## What to do
Write out exactly, with no other output, the lines below from the one that contains "this 2212×1663 image." through the end.

· · · · · · ·

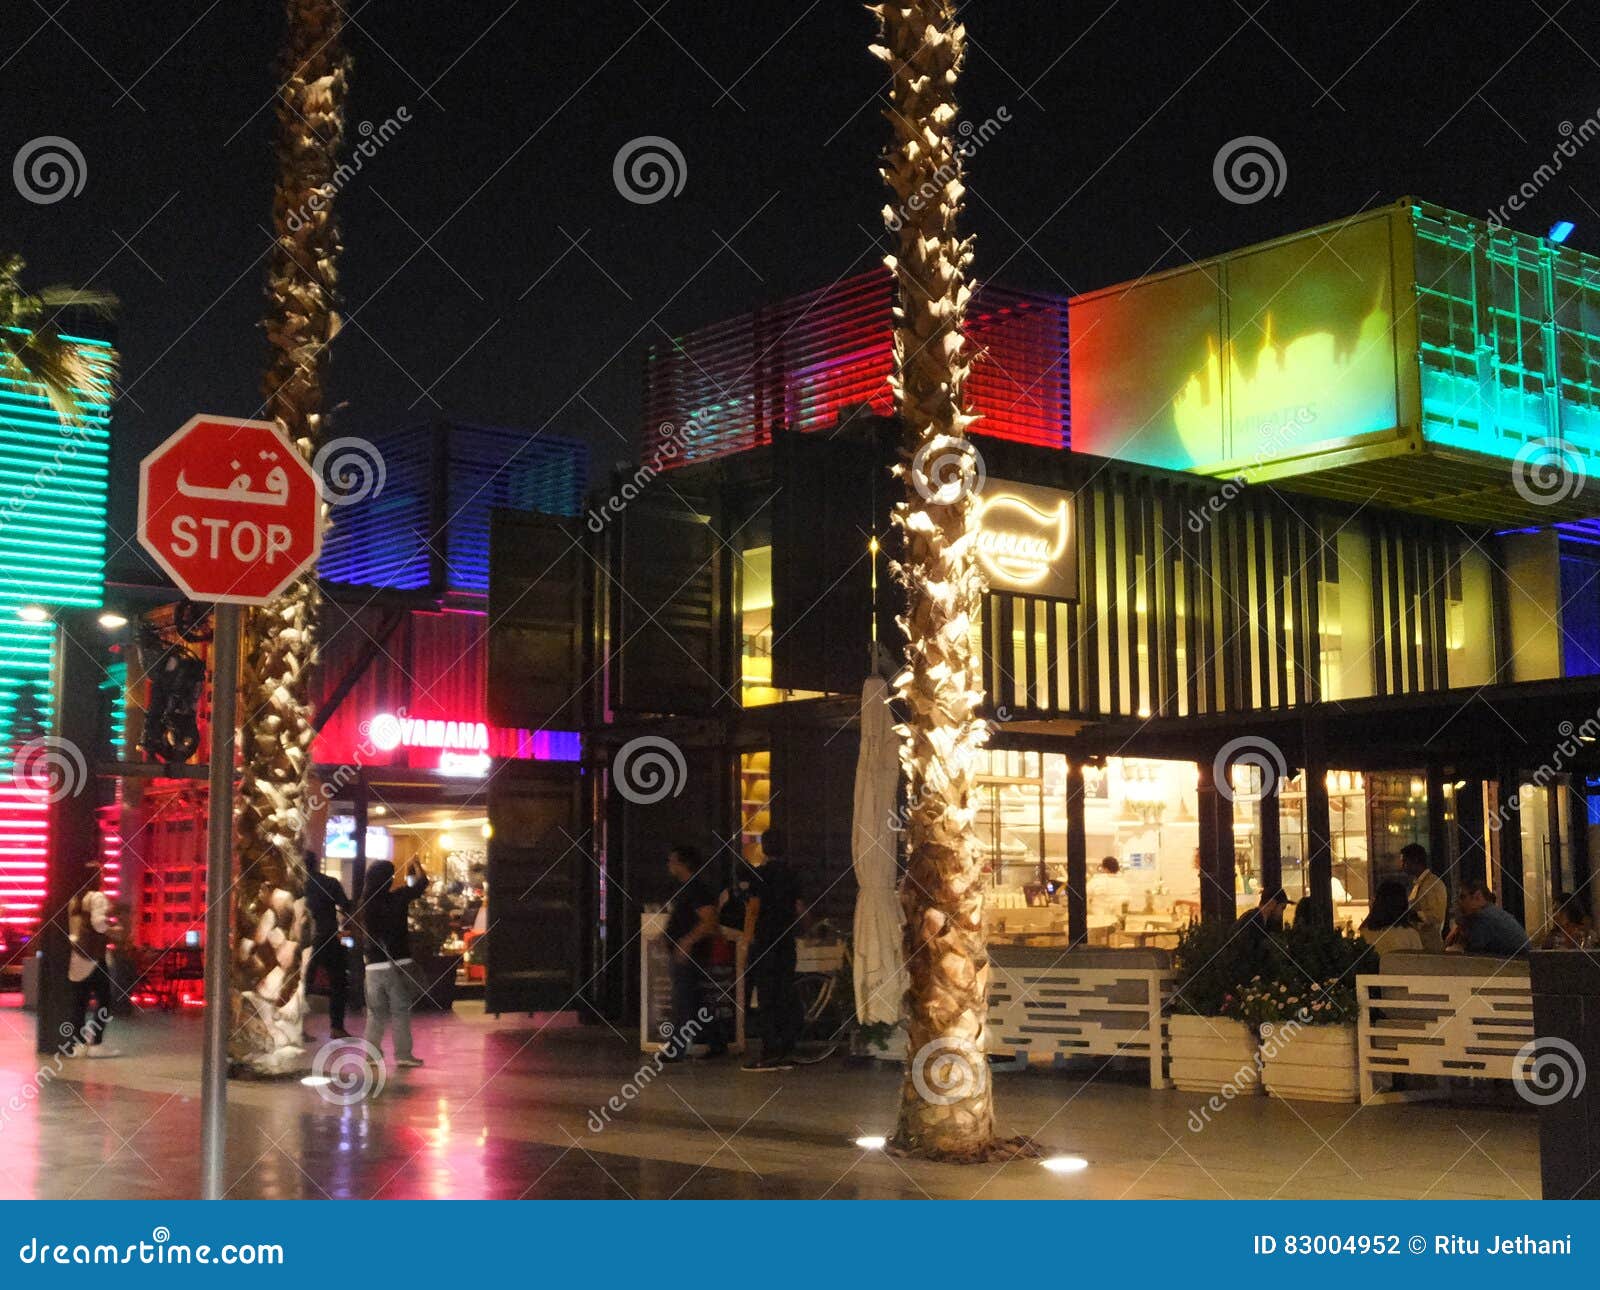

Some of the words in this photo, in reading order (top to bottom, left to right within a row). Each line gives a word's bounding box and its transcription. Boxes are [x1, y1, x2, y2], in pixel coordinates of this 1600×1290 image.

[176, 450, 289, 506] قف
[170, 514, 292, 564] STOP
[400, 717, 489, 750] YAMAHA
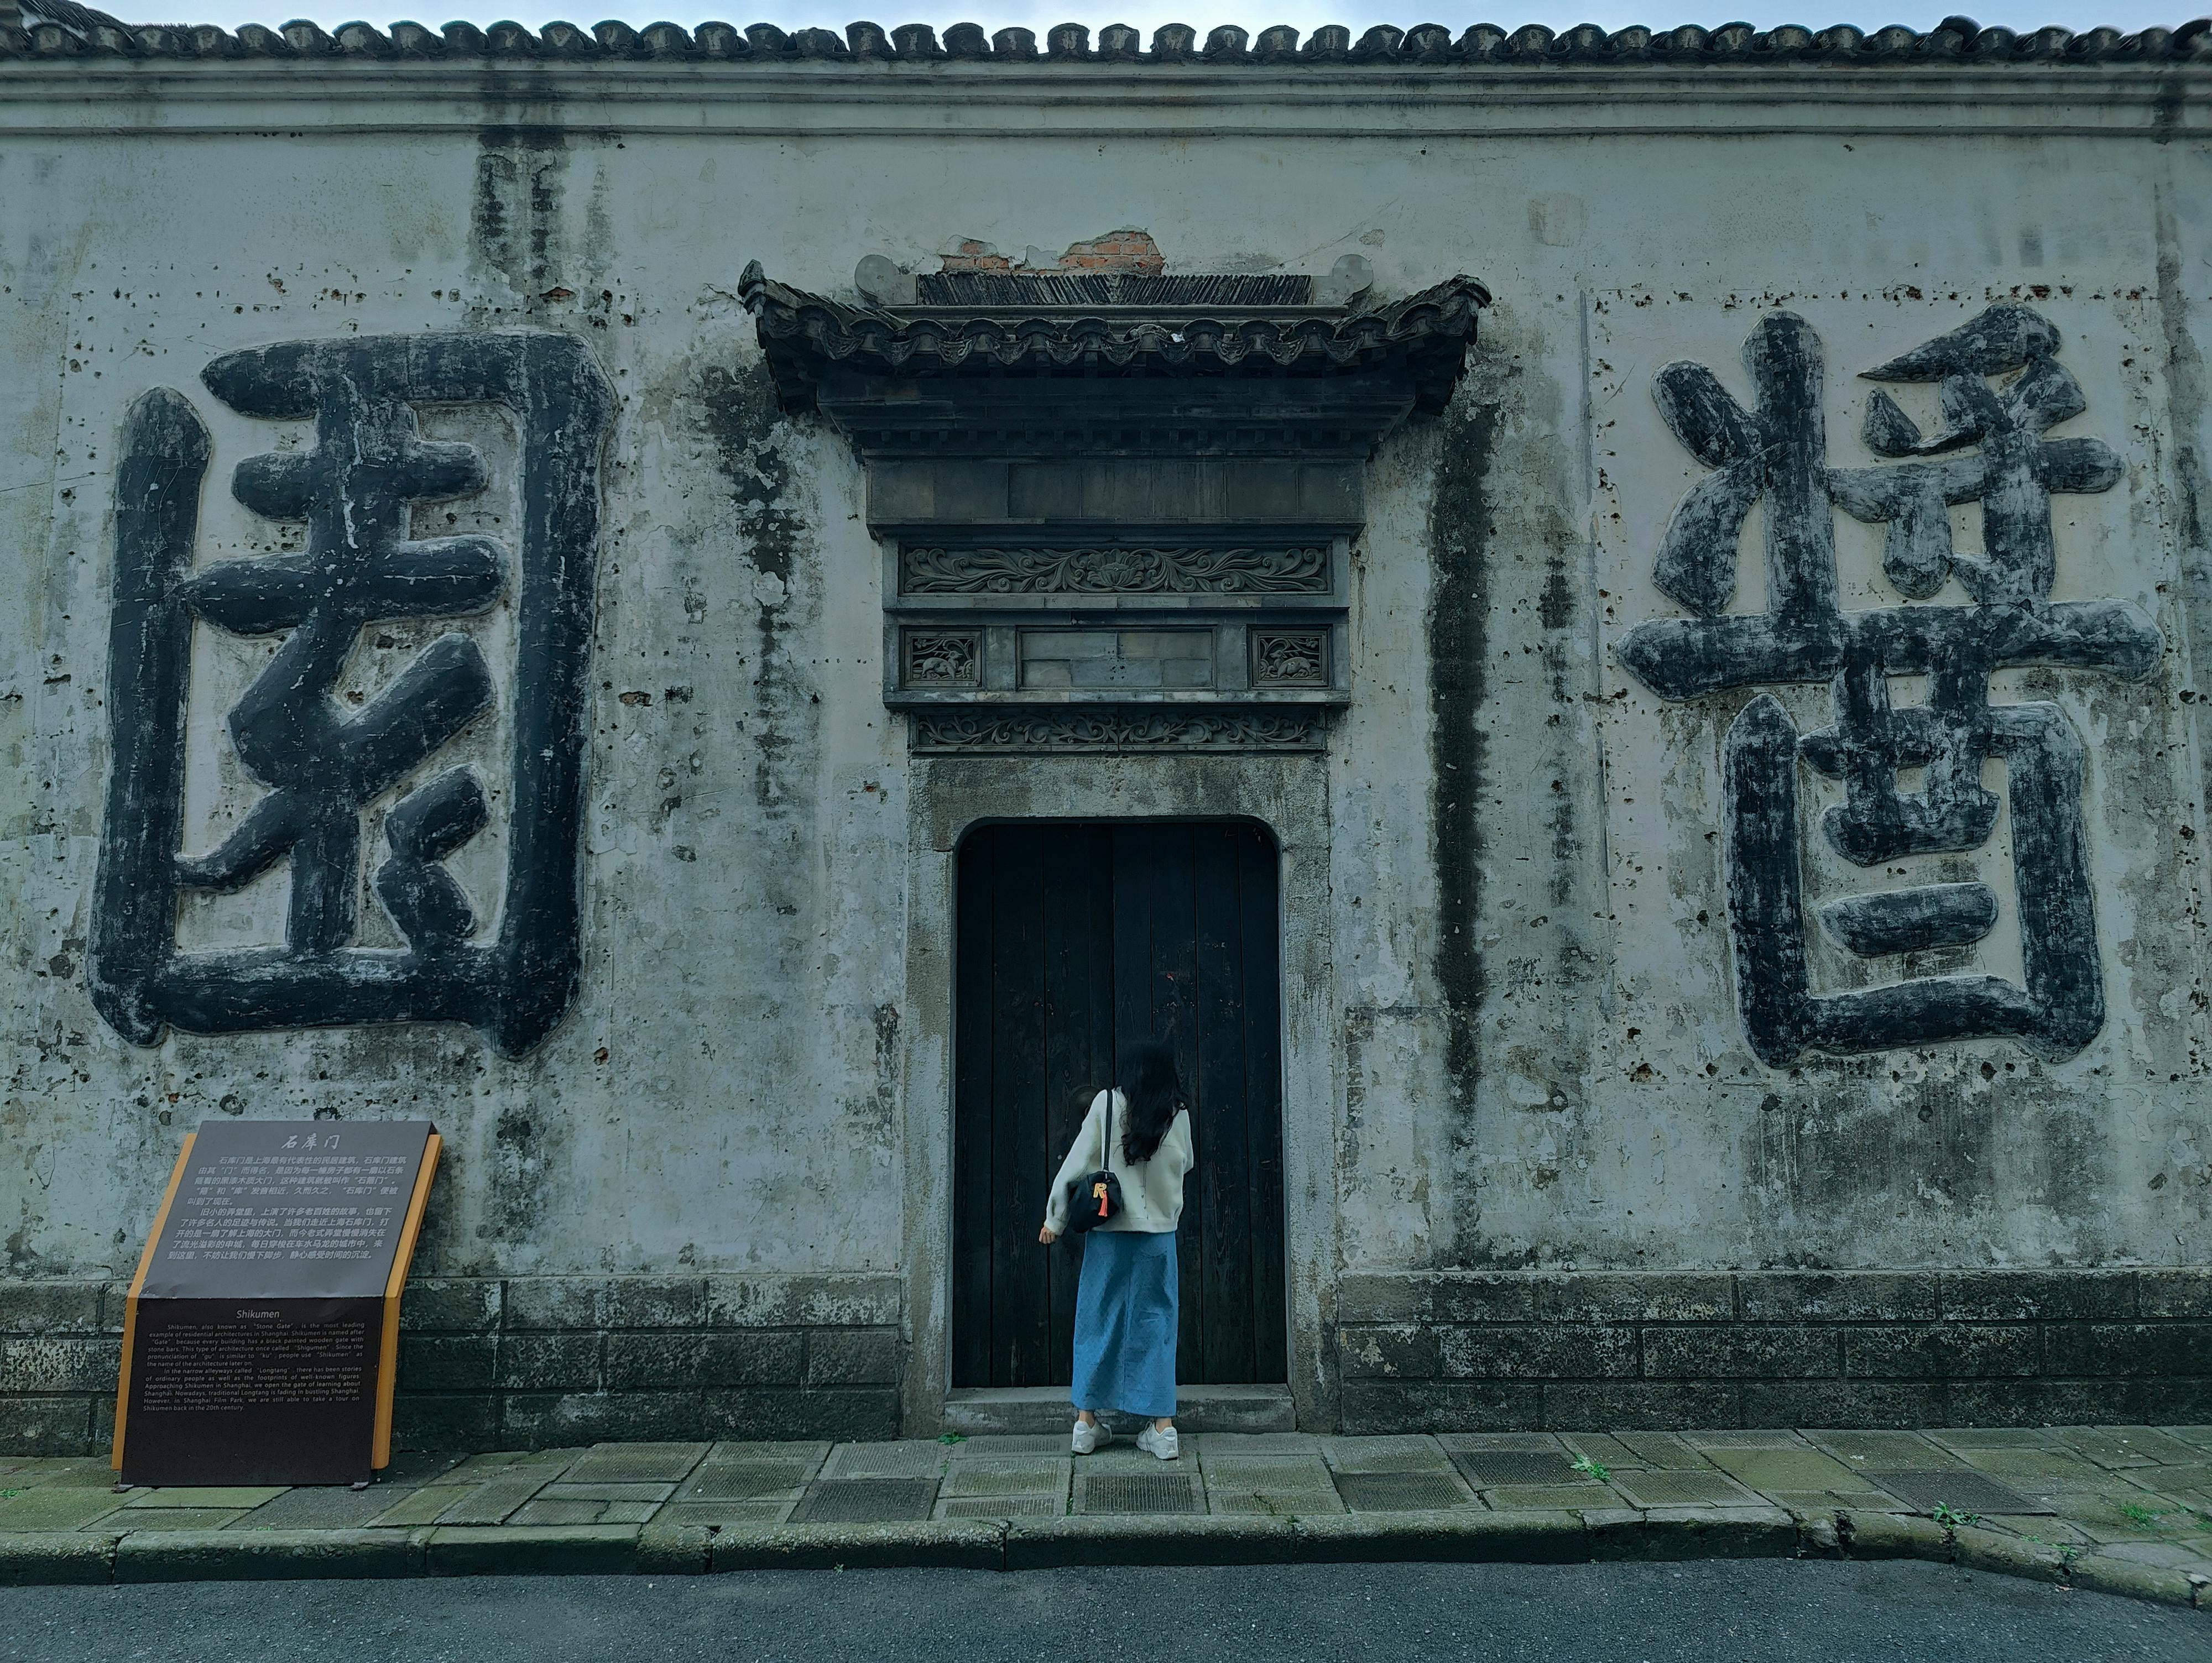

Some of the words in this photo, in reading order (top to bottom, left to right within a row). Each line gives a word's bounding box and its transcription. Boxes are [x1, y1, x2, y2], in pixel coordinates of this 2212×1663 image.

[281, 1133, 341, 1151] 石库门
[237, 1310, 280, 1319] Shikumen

· · · · · · ·

## Response for this exercise
Some of the words in this photo, in reading order (top to bottom, left to right within a row). Each line gives a word's bounding box and its transcription. Boxes are [x1, y1, x2, y2], in pixel coordinates of this 2212×1663 image.

[281, 1133, 341, 1151] 石库门
[237, 1310, 280, 1319] Shikumen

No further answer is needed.